Tuesday, December 29, 2020

Real Life by Brandon Taylor review / Violent legacy of the past


 

BOOKS OF THE YEAR


Real Life by Brandon Taylor review – violent legacy of the past


This Booker-longlisted snapshot of the life of a queer black postgraduate forcefully tackles the effects of racism and abuse


Michael Donkor
Fri 21 Aug 2020 09.00 BST

W

allace, the queer black biochemistry postgraduate at the centre of US author Brandon Taylor’s Booker-longlisted debut, often seeks out solitude. On the Friday evening on which Real Life begins, Wallace abandons his carousing colleagues and the bars of their midwestern university for the tranquility of a local lake. He dangles his feet in the ripples. He enjoys the bracing freshness. In this formally and conceptually testing book, however, such moments of repose are never without threat. Wallace soon reflects that “there was something slick in the water, something apart from the water itself, like a loose second skin swilling under the surface”.

With its icily cool sentences, mysterious tonal shifts and determinedly open ending, Taylor’s novel is also a curiously liquid thing, with troubling, opaque depths. Set over a late summer weekend, the novel is a snapshot of Wallace’s life in the aftermath of his father’s recent death. Early on in the narrative, Wallace’s friends discover that his father passed away a few weeks ago. Wallace told no one about this, nor did he attend his father’s funeral.
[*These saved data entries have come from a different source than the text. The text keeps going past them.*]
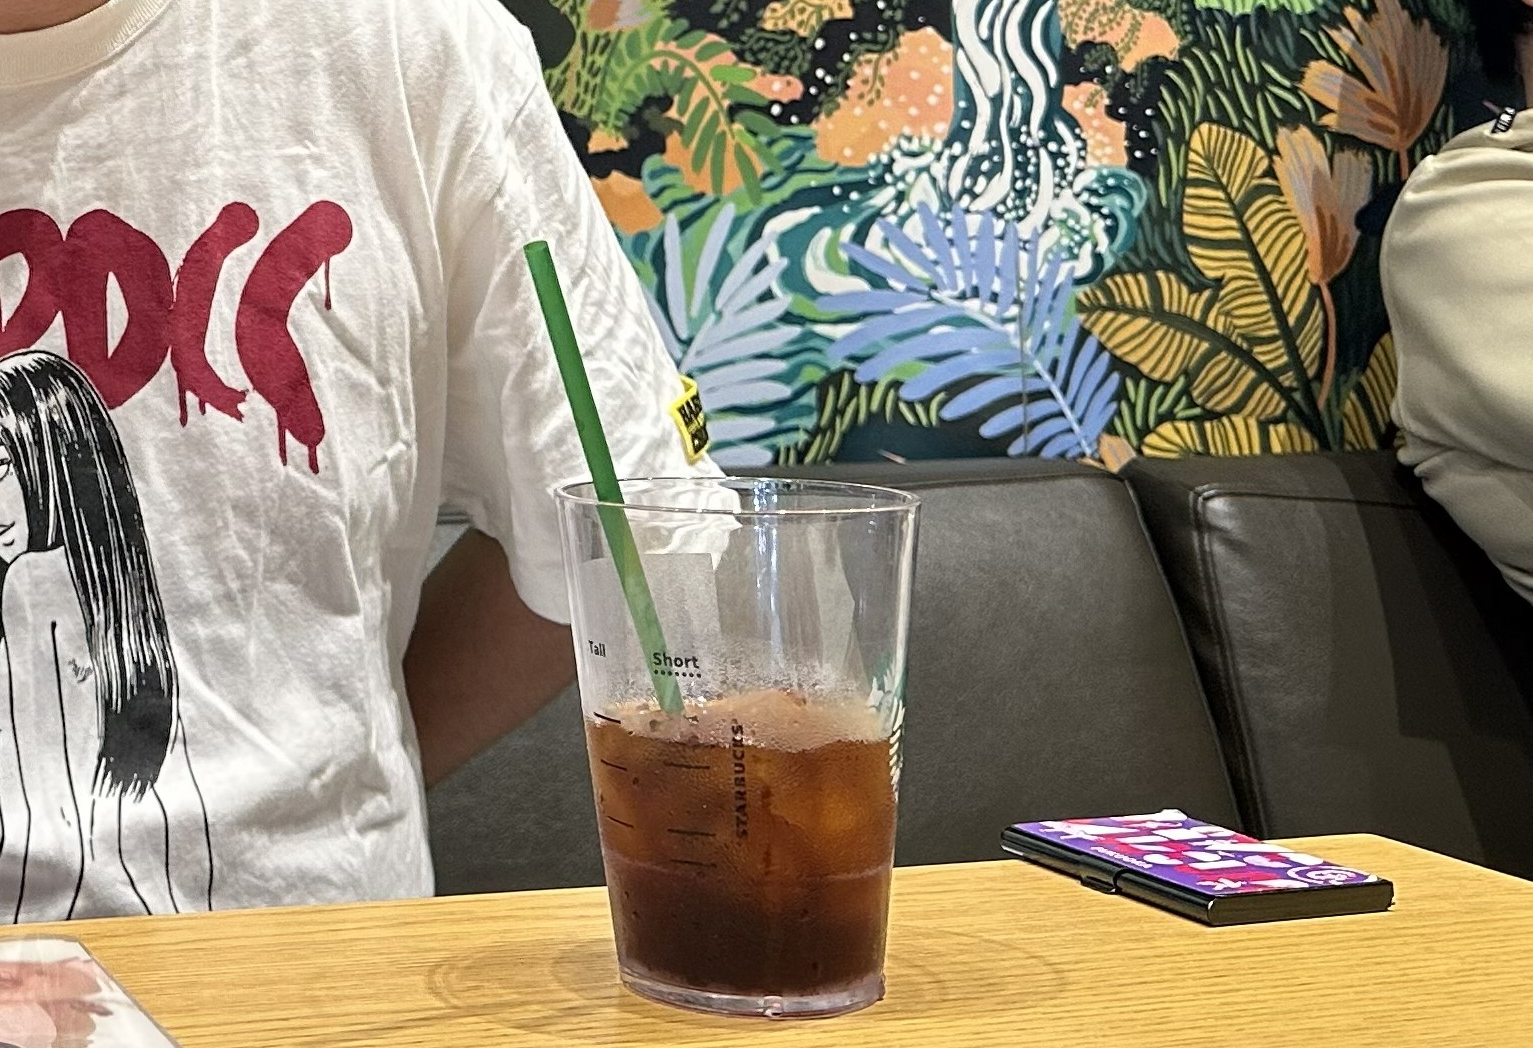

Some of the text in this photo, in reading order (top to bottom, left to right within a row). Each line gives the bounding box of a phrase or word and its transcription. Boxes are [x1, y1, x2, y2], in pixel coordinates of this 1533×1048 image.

[588, 640, 606, 657] Tall
[653, 652, 700, 669] Short
[731, 724, 749, 839] STARBUCKS
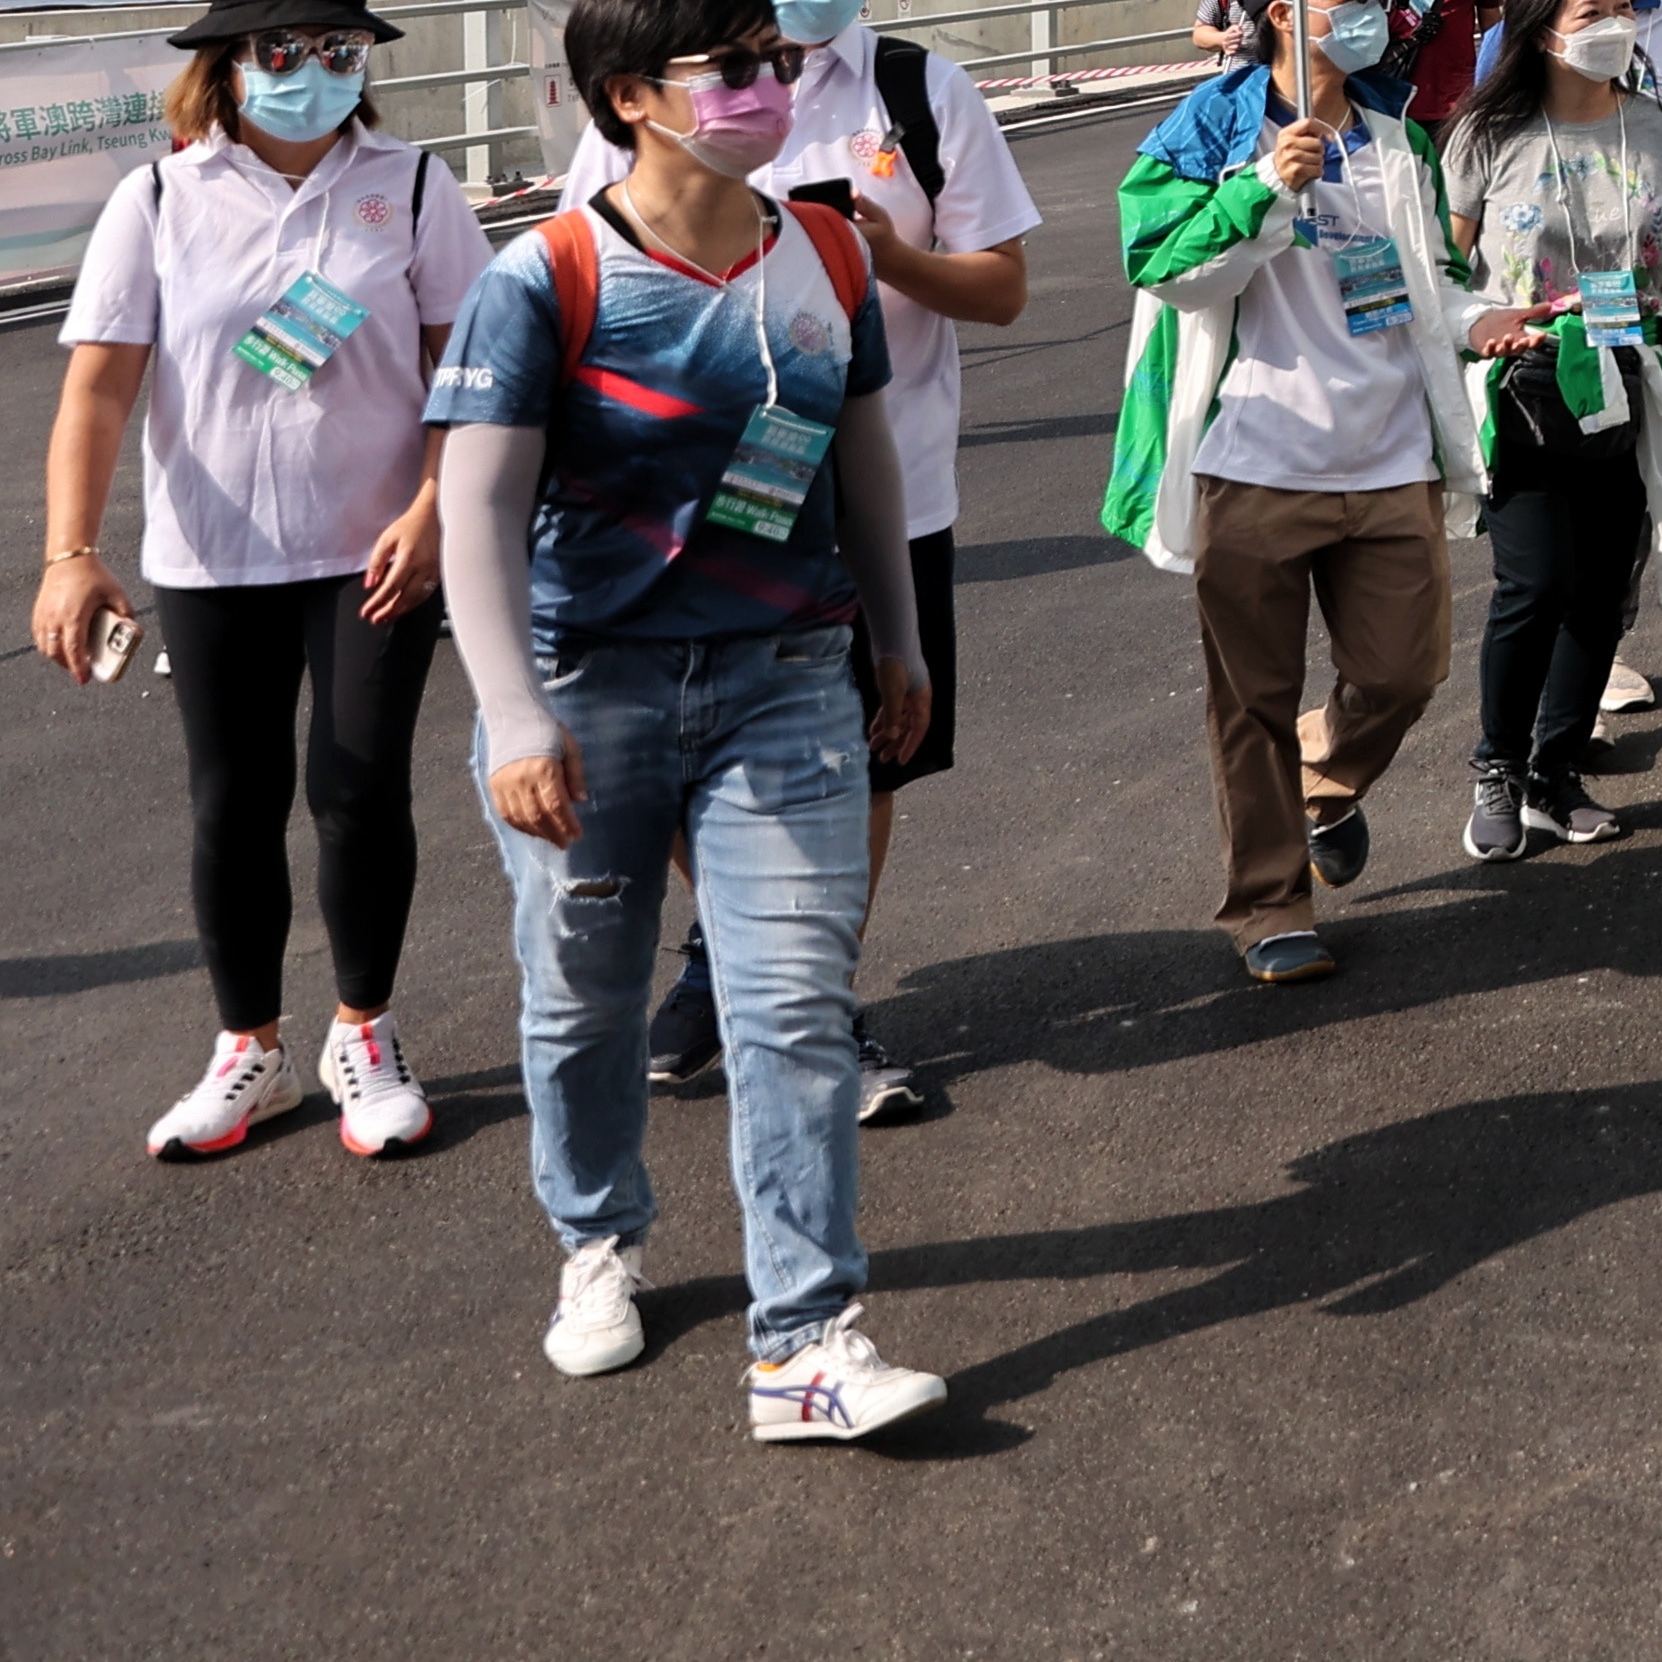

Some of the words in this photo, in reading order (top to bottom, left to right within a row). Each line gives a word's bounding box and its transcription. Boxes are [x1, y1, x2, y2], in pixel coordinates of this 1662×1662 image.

[31, 144, 57, 163] Bay
[60, 138, 93, 156] Link,
[97, 131, 147, 151] Tseung
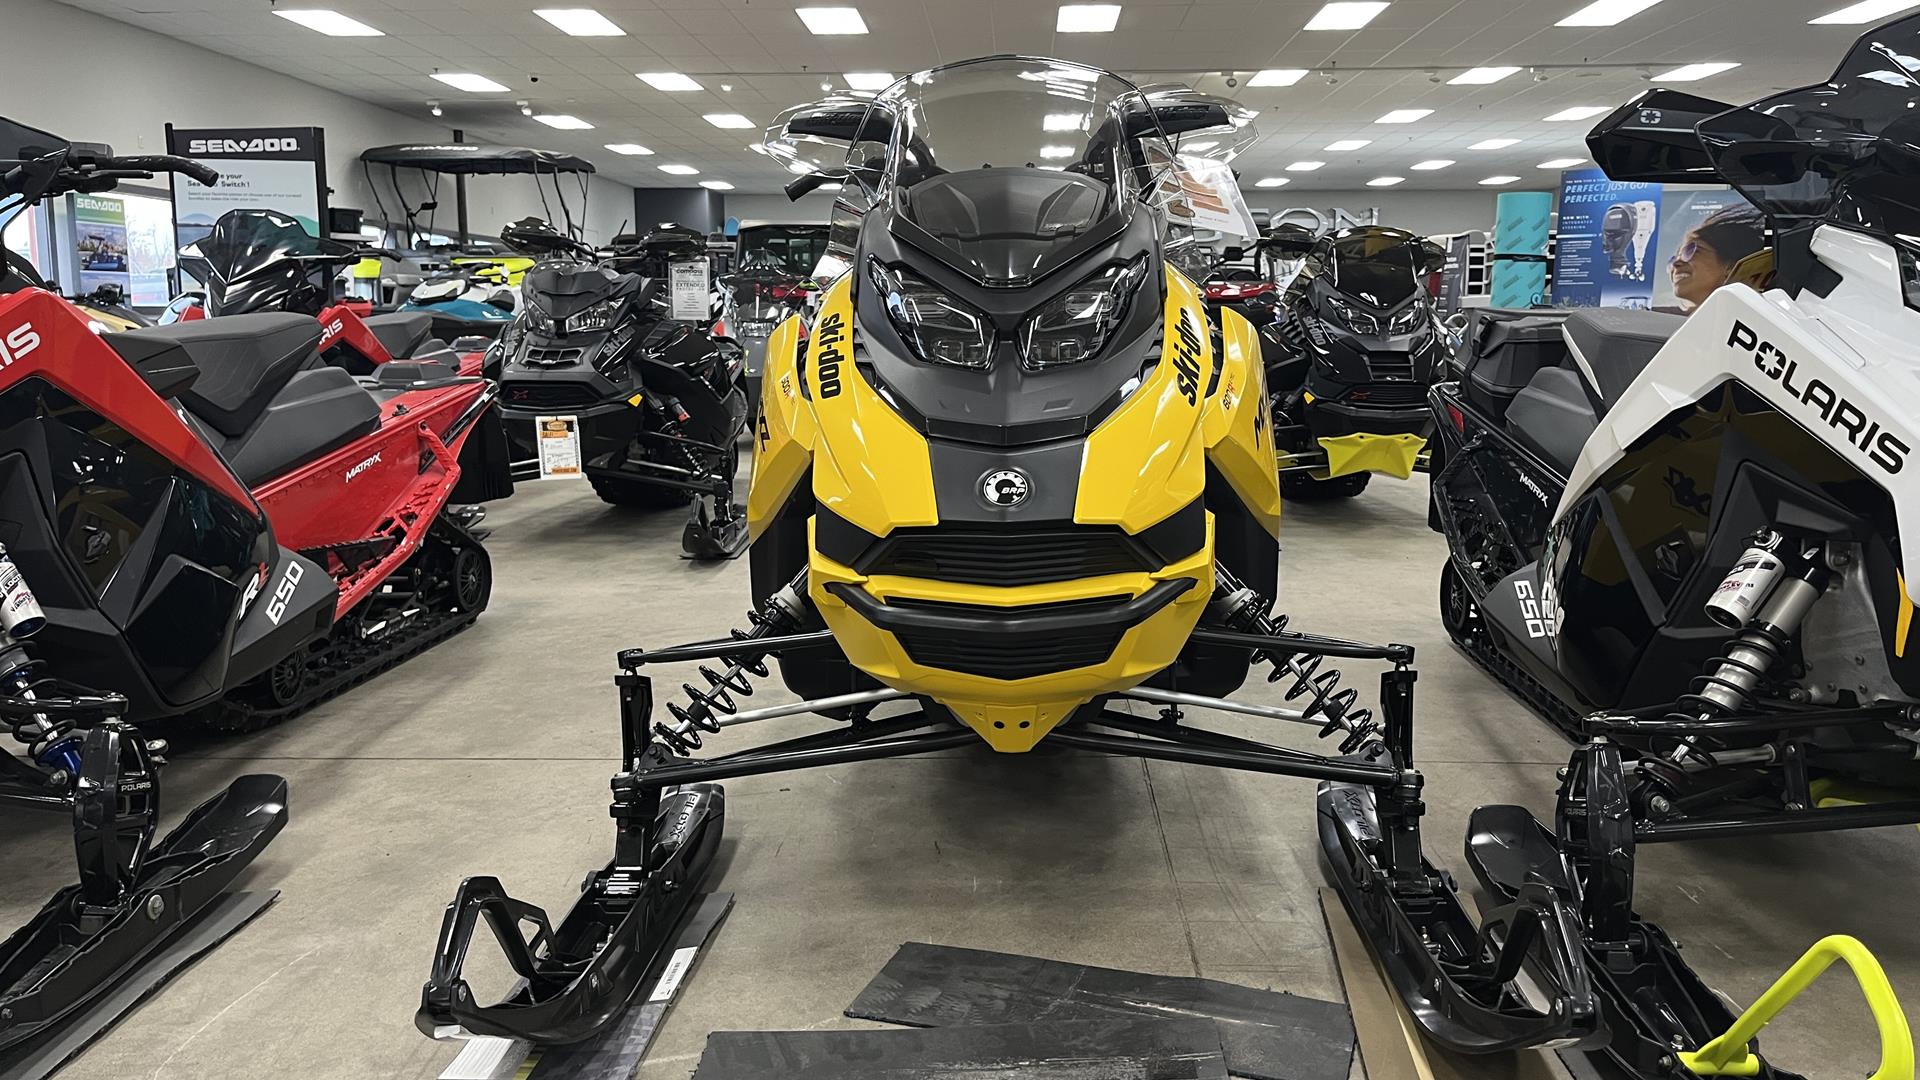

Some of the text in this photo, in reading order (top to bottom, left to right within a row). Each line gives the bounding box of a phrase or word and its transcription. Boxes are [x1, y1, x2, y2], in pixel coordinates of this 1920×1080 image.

[1565, 184, 1605, 193] PERFECT
[1607, 182, 1627, 192] JUST
[819, 312, 845, 399] ski-doo
[1173, 307, 1201, 407] ski-doo
[1727, 319, 1911, 474] POLARIS
[345, 452, 382, 483] MATRYX
[1520, 472, 1550, 508] MATRYX
[265, 560, 304, 625] 650
[1514, 580, 1546, 638] 650
[121, 782, 151, 792] POLARIS
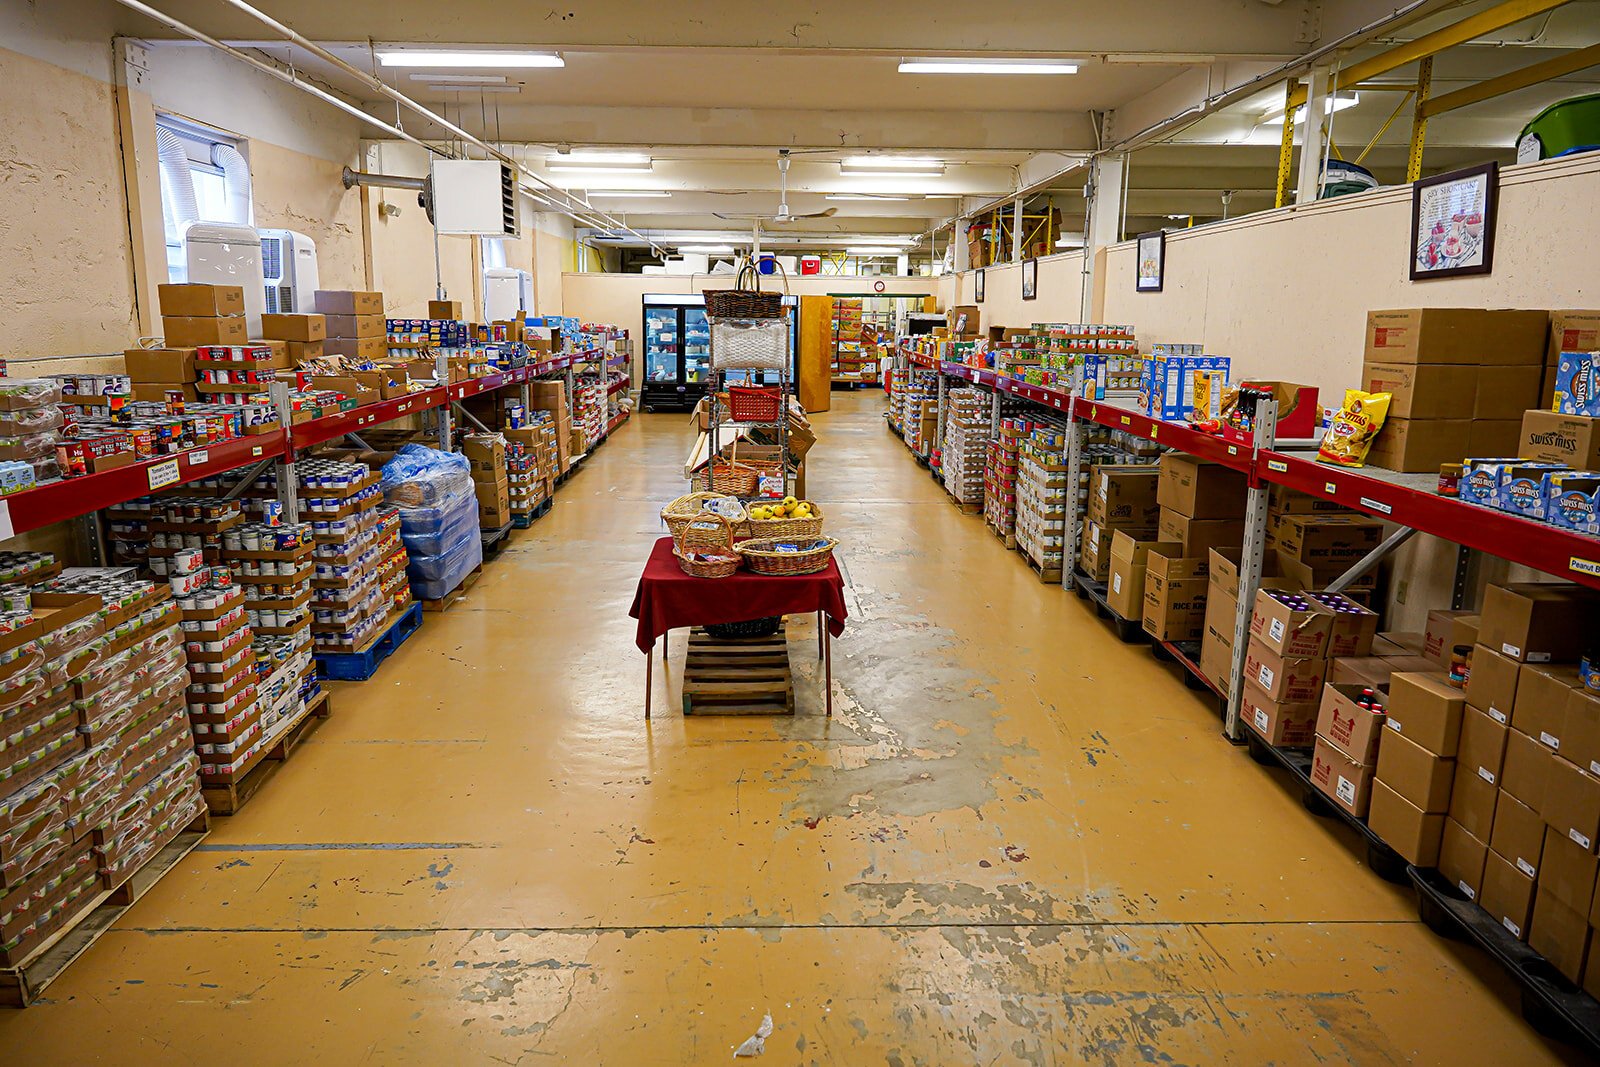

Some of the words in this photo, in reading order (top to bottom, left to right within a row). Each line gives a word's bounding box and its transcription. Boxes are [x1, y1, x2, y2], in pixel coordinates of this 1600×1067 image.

[1440, 179, 1478, 194] SHORTCAKE
[1580, 360, 1591, 382] MISS
[1575, 383, 1587, 409] SWISS
[1529, 433, 1554, 446] SWISS
[1554, 436, 1577, 452] MISS
[1469, 476, 1483, 485] SWISS
[1483, 478, 1496, 489] MISS
[1509, 485, 1526, 494] SWISS
[1526, 487, 1540, 499] MISS
[1559, 497, 1578, 508] SWISS
[1578, 501, 1594, 513] MISS
[1571, 560, 1594, 572] Peanut
[1173, 602, 1191, 610] RICE
As the story unfolds, Taylor explores the difficult underpinnings of this response to loss. As well as processing grief, Wallace is forced to navigate other challenges. He suffers from a kind of existential ennui: his commitment to the scientific research he is undertaking is wavering. This unease is only exacerbated when important genetic experiments he has been working on are tampered with. Wallace also finds himself negotiating a fraught romance with his friend Miller, a complicated “jock” type. With its uneasy power dynamic, this volatile relationship provides a nuanced portrayal of gay desire reminiscent of the frictions between Little Dog and Trevor in Ocean Vuong’s stunning On Earth We’re Briefly Gorgeous.

Brandon Taylor.
Brandon Taylor. Photograph: 2020 Booker Prize/Bill Adams/PA

Wallace’s principal struggle throughout the novel is with the legacy of sexual violence. Taylor sensitively records his protagonist’s attempts to excavate these deeply buried personal tragedies. In terms of craft, the passage in which Wallace reveals the horrors of his past is a disturbing, virtuosic piece of writing. He remembers how, when terrifying tempests shredded Alabama skies, his dysfunctional family told him “stories or sang spirituals. They told [him] of the Bible and how the flood came upon the land and drowned all the wicked, and how [he’d] be next […] The house stank of [their] sweat and piss and the bathroom always smelled of shit because [they] kept the used toilet paper in a little can … And in that house, fetid and stinking and sweating, [he] learned all about the ways that a person can do God great ill.” This pivotal recollection is a relentless battery of troubling motifs: broken bodies, rotting vegetation, decaying birds. The quasi-gothic stretch of prose powerfully speaks both of the darkness of what Wallace endured as a child and his difficulty in giving it linguistic shape as an adult.


Taylor’s treatment of racial politics in the novel is sophisticated and forceful too. Wallace astutely diagnoses the ways his privileged white peers “have a vested interest in underestimating racism”; the depictions of the micro and macroaggressions he faces as he moves through a predominantly white world are figured with piercing accuracy. The fiery exchange when a straight white lab partner uses the N-word to describe the status of women, while also declaring them “the new faggots”, is one of a series of poignant occasions when the intersectional complexities of Wallace’s identity are weaponised against him.

In his quests to evade such hostilities and to “slip out of [his] own skin”, Wallace finds peace not just amid the calm of the lake but in contemplating other elements of the natural world. He “thinks again of a bird, the matter of scope, how everything below it, all the big and towering world, is both flattened and shrunken”.

These images, and their concern with perspective and distance, reveal aspects of Wallace’s characterisation that might discourage readers. Taylor is committed to precisely portraying Wallace’s inner life and lived experience as a deeply withdrawn individual, born no doubt from Wallace’s history of abuse. This dedication to psychological verisimilitude involves showing that, for victims, progressing beyond trauma is not always possible. It also involves asserting that people, often and especially those closest to us, might be unknowable. These tendencies mean that, by the end of the book, the narrative often has a somewhat inert, ponderous quality, and Wallace feels curiously indistinct. Ultimately, Taylor renders Wallace always at a remove from us; a figure frustratingly out of reach.

• Real Life is published by Daunt Originals (£8.99).